The twomass.PSC class has methods for ingesting the 2MASS Point Source Catalog (PSC) for the whole sky into MongoDB. To get the raw data, FTP anonymously to ftp://ftp.ipac.caltech.edu/pub/2mass/allsky. Download all the PSC_*.gz files into a directory on your MongoDB server computer. Call this directory the datadir/. Do not decompress the files.
Caution
Each PSC_*.gz file is roughly 470 MB in size; the total download is 42.7 GB.
To load these PSC files into MongoDB we can use the twomass.import_compressed_psc() function. Boot up a Python interpreter, and run:
>>> import moastro.twomass
>>> moastro.twomass.import_compressed_psc(dataDir)
where dataDir is a string containing the path to your PSC download folder.
Note that twomass.import_compressed_psc() has several keyword arguments to specify the host, and database/collection names (see API below).
The import will take some time. Once all the data is imported, an index is automatically built using the twomass.PSC.index_space_color() class method. The indexing run in the background, and is thus non-blocking for other services using your MongoDB server.
The PSC can be queried using the twomass.PSC.find() method, which returns a pymongo.Cursor instance. The only required argument of twomass.PSC.find() is a dictionary specifying the MongoDB query. It may be an empty dictionary {} to return the entire PSC database.

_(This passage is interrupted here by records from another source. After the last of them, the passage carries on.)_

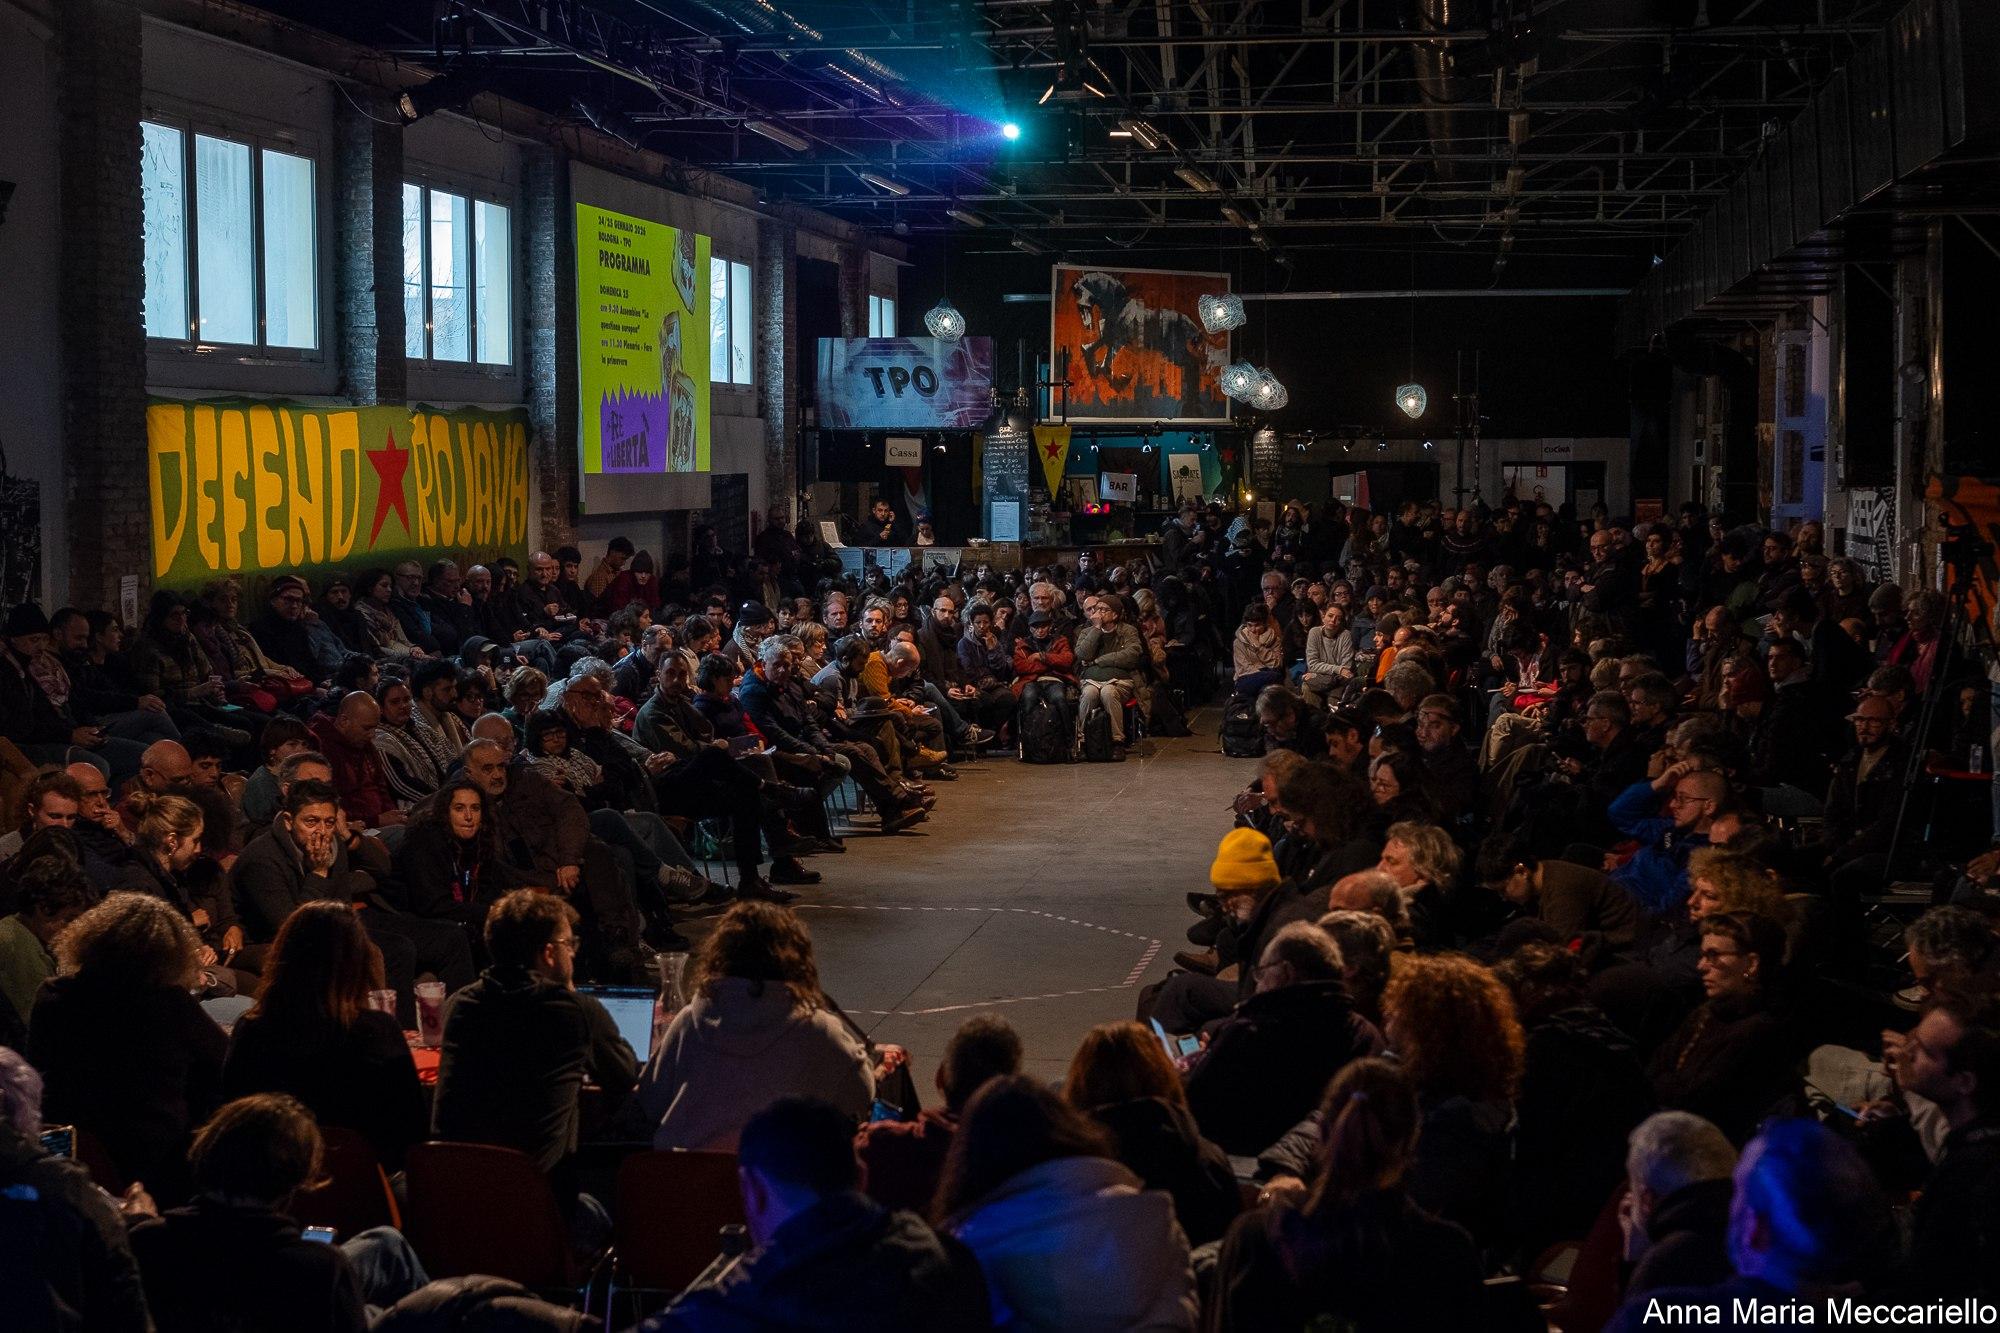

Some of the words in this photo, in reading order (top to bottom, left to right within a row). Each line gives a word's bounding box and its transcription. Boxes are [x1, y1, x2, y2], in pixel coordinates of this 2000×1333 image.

[614, 220, 634, 232] GENNAIO
[598, 231, 619, 245] BOLOGNA
[623, 237, 632, 248] TPO
[599, 249, 651, 276] PROGRAMMA
[599, 284, 622, 298] DOMENICA
[863, 365, 940, 398] TPO
[889, 446, 918, 458] Cassa
[147, 404, 360, 578] DEFEND
[409, 414, 529, 548] ROJAVA
[1109, 481, 1128, 491] BAR

In the PSC, each star is a document, and keys in that document correspond to columns in the 2MASS PSC schema (available at ftp://ftp.ipac.caltech.edu/pub/2mass/allsky/format_psc.html). In fact, we use the same names as in the 2MASS schema. Some useful fields include:
The only exception to the data naming convention is the RA-Dec coordinate. To allow spatial queries, the ra and dec columns are combined into an (ra,dec) tuple that is stored in the coord field.

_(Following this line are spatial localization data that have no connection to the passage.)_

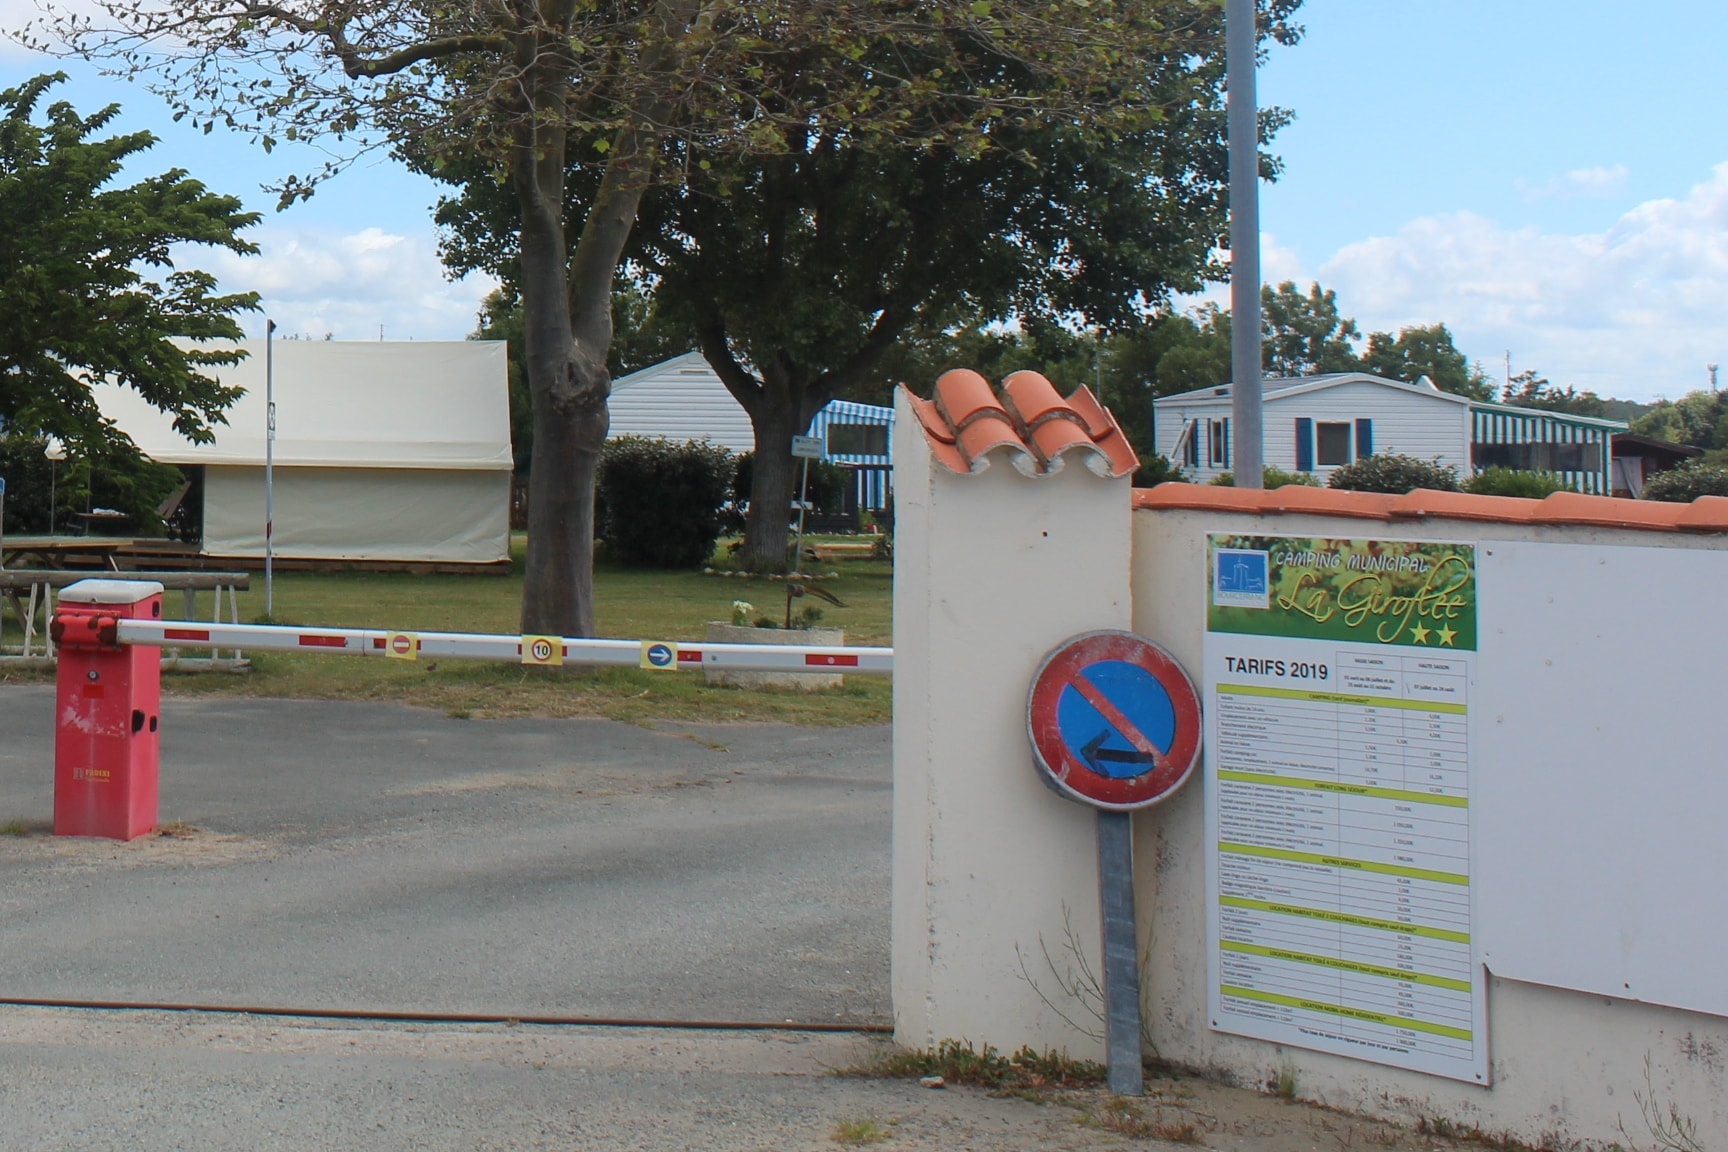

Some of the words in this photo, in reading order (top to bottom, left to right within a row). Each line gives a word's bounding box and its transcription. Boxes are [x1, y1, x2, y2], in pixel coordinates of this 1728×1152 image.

[1276, 551, 1340, 568] CAMPING
[1347, 554, 1428, 573] MUNICIPAL
[1278, 573, 1335, 623] La
[536, 645, 548, 655] 10
[1225, 657, 1285, 676] TARIFS
[1290, 662, 1328, 680] 2019

The twomass.PSC.find() method provides user-friendly facilities for building spatial queries. To get stars within the field of a certain FITS image, the user can provide either a pyfits header object, or a pywcs.WCS instance. A polygon query in the image footprint is automatically built. Boxes (spans or RA and Dec) can also be queried on, along with circles around points. See the twomass.PSC.find() documentation for more details.
Note that these spatial queries augment any other query parameters that the user passed to the PSC.find() method.
The PSC has a number of fields for each star that may not be relevant in all cases. In fact, the performance of your query is decreased by returning superflous fields. To limit the fields that are returned in the cursor, you can pass a list of field names with the fields argument.